E. General Information on the Trial

E.1 Medical condition or disease under investigation

E.1.1

Medical condition(s) being investigated

Tophaceous Gout

E.1.1.1

Medical condition in easily understood language

Tophaceous Gout

E.1.1.2

Therapeutic area

Diseases [C] - Musculoskeletal Diseases [C05]

MedDRA Classification

E.1.2 Medical condition or disease under investigation

E.1.2	Version	17.0
E.1.2	Level	PT
E.1.2	Classification code	10018627
E.1.2	Term	Gout
E.1.2	System Organ Class	10027433 - Metabolism and nutrition disorders

E.1.3

Condition being studied is a rare disease

E.2 Objective of the trial

E.2.1

Main objective of the trial

To determine the efficacy of lesinurad by Month 6 when used in combination with febuxostat compared to febuxostat monotherapy

E.2.2

Secondary objectives of the trial

- To determine the efficacy of lesinurad by Month 12 when used in combination with febuxostat compared to febuxostat monotherapy
- To determine the safety of lesinurad over 6 months and 12 months when used in combination with febuxostat
- To investigate by a population analysis approach the influence of intrinsic factors (age, sex, race, body weight, renal function, concomitant medication use) on oral clearance of lesinurad
- To determine the effect of lesinurad when used in combination with febuxostat on Health Related Quality of Life and physical function

E.2.3

Trial contains a sub-study

E.3

Principal inclusion criteria

Subject is able to understand the study procedures, the risks involved and willing to provide written informed consent before the first study related activity.

Subject meets the diagnosis of gout as per the American Rheumatism Association Criteria for the Classification of Acute Arthritis of Primary Gout.

Subject meets one of the following criteria:

a.subjects who are not currently taking an approved ULT must have an sUA value of ≥ 8 mg/dL (476 μmol/L).
b.b.subjects entering the study on a medically appropriate dose of
febuxostat or allopurinol must have an sUA value of ≥ 6.0 mg/dL (357μmol/L).
c.subjects entering the study on febuxostat ≥ 80 mg or allopurinol ≥ 600 mg daily must have an sUA value of ≥ 6.0 mg/dL.
Subject must be able to take gout flare prophylaxis with colchicine or NSAID (including Cox-2 selective NSAID) ± PPI.

Subject with at least 1 measurable tophus on the hands/wrists and/or feet/ankles ≥ 5 mm and ≤ 20 mm in the longest diameter.

E.4

Principal exclusion criteria

Subject with known hypersensitivity or allergy to febuxostat.

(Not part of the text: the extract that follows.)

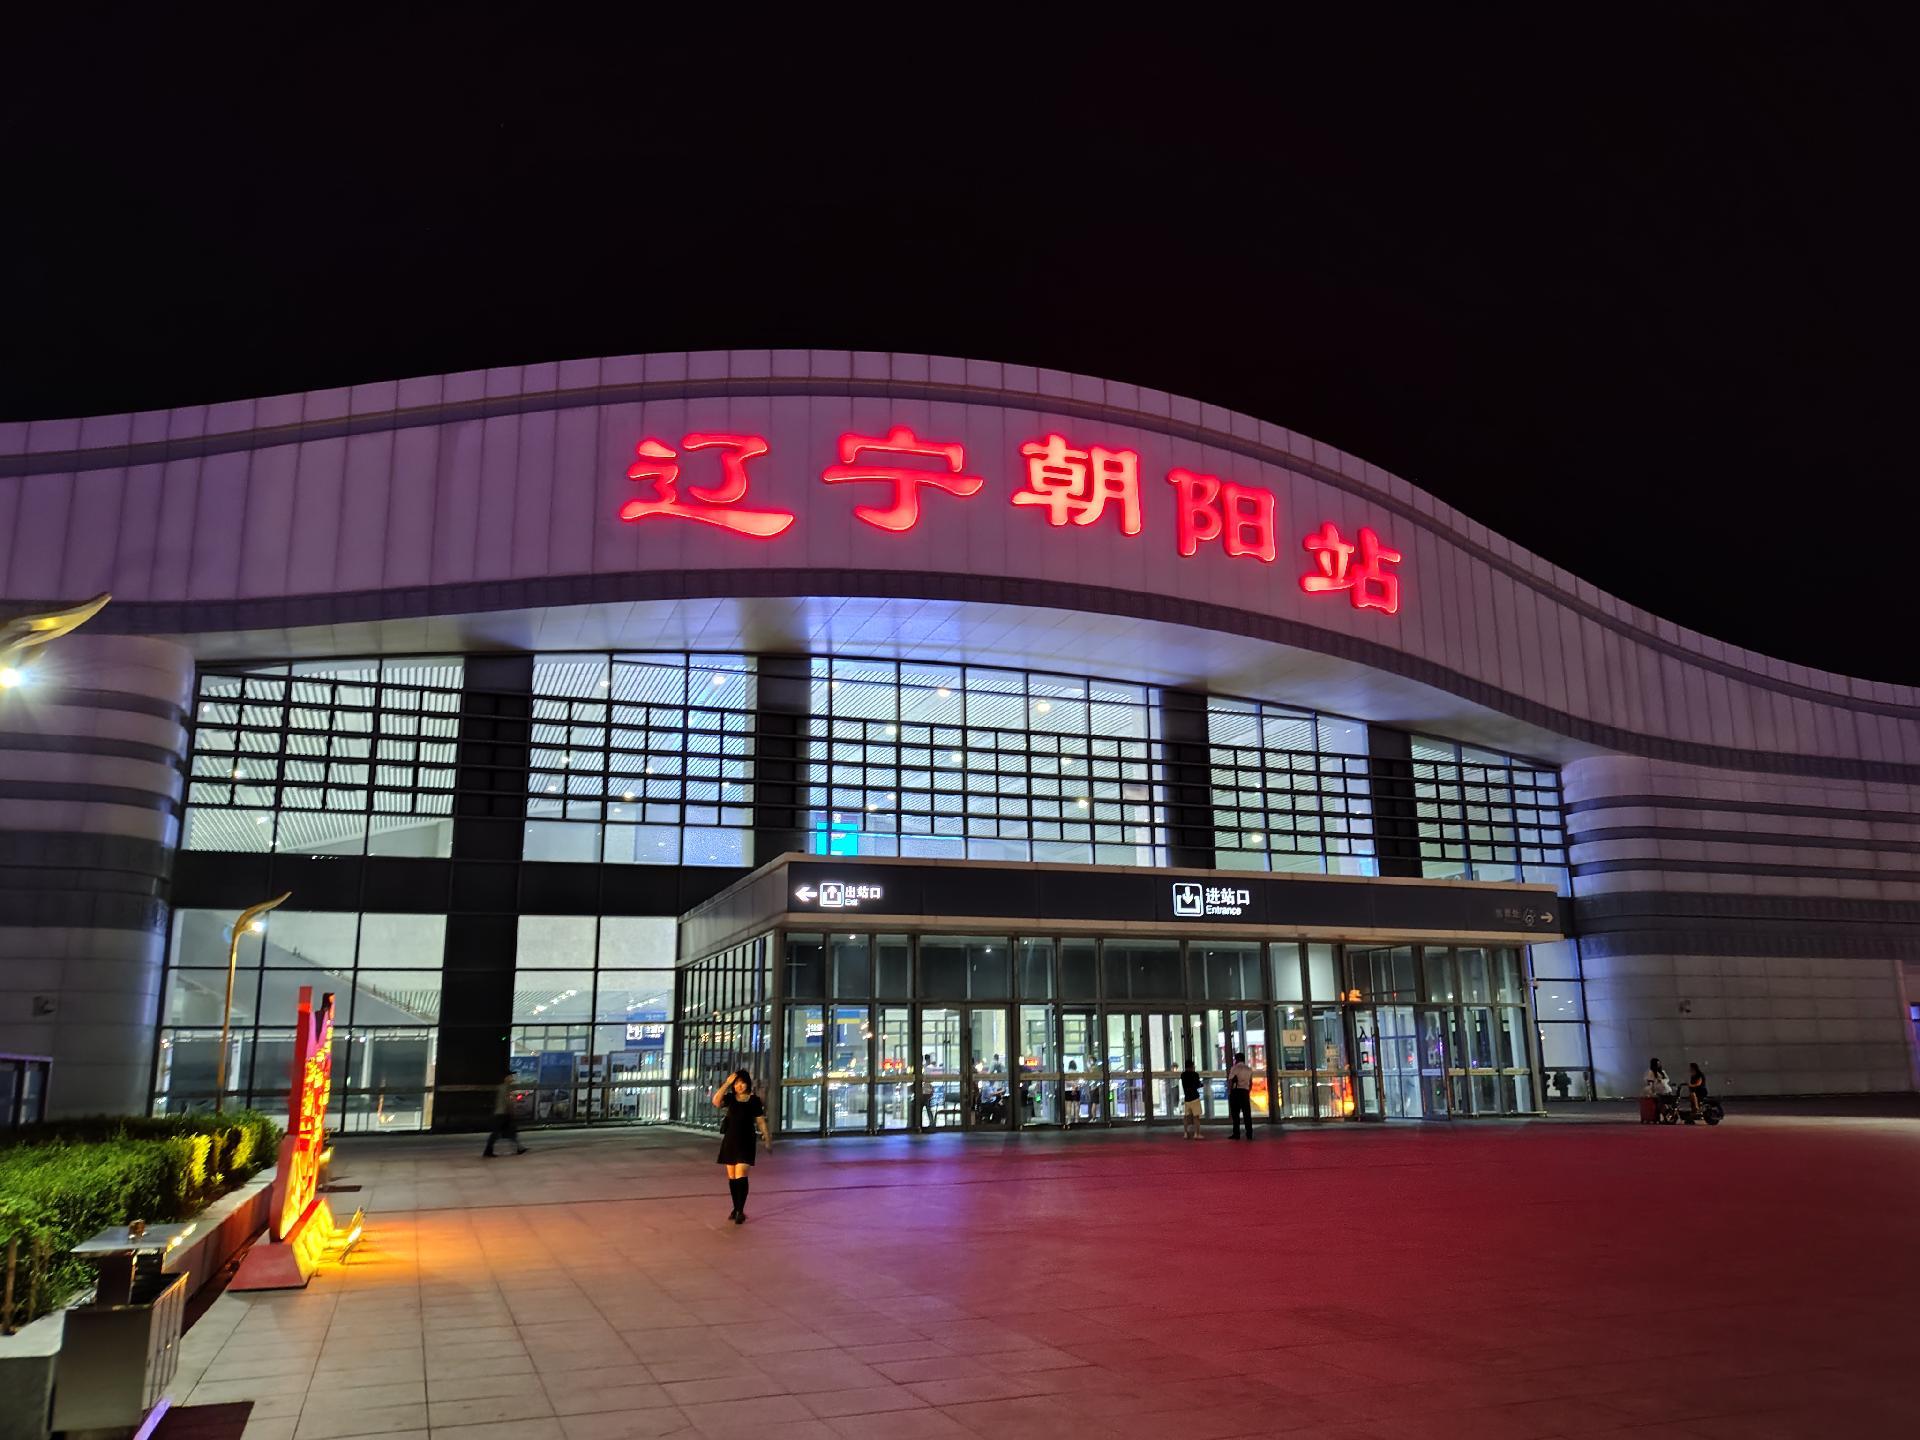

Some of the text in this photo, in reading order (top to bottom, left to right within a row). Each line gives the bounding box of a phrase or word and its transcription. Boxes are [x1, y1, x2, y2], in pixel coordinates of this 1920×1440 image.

Subject who is taking any approved urate-lowering medication other than allopurinol or febuxostat that is indicated for the treatment of gout within 8 weeks of the Screening Visit.

Subject who previously received pegloticase.

Subject who consumes more than 14 drinks of alcohol per week (eg, 1 drink = 5 oz [150 mL] of wine, 12 oz [360 mL] of beer, or 1.5 oz [45 mL] of hard liquor).

Subject with a history or suspicion of drug abuse within the past 5 years.

Subject with a history of myositis/myopathy or rhabdomyolysis.

Subject that requires or may require systemic immunosuppressive or immunomodulatory treatment.

Subject with known or suspected human immunodeficiency virus (HIV) infection.

Subject with a positive test for active hepatitis B or hepatitis C infection.

Subject with a history of malignancy within the previous 5 years with the exception of non-melanoma skin cancer that has been treated with no evidence of recurrence, treated cervical dysplasia or treated in situ Grade 1 cervical cancer.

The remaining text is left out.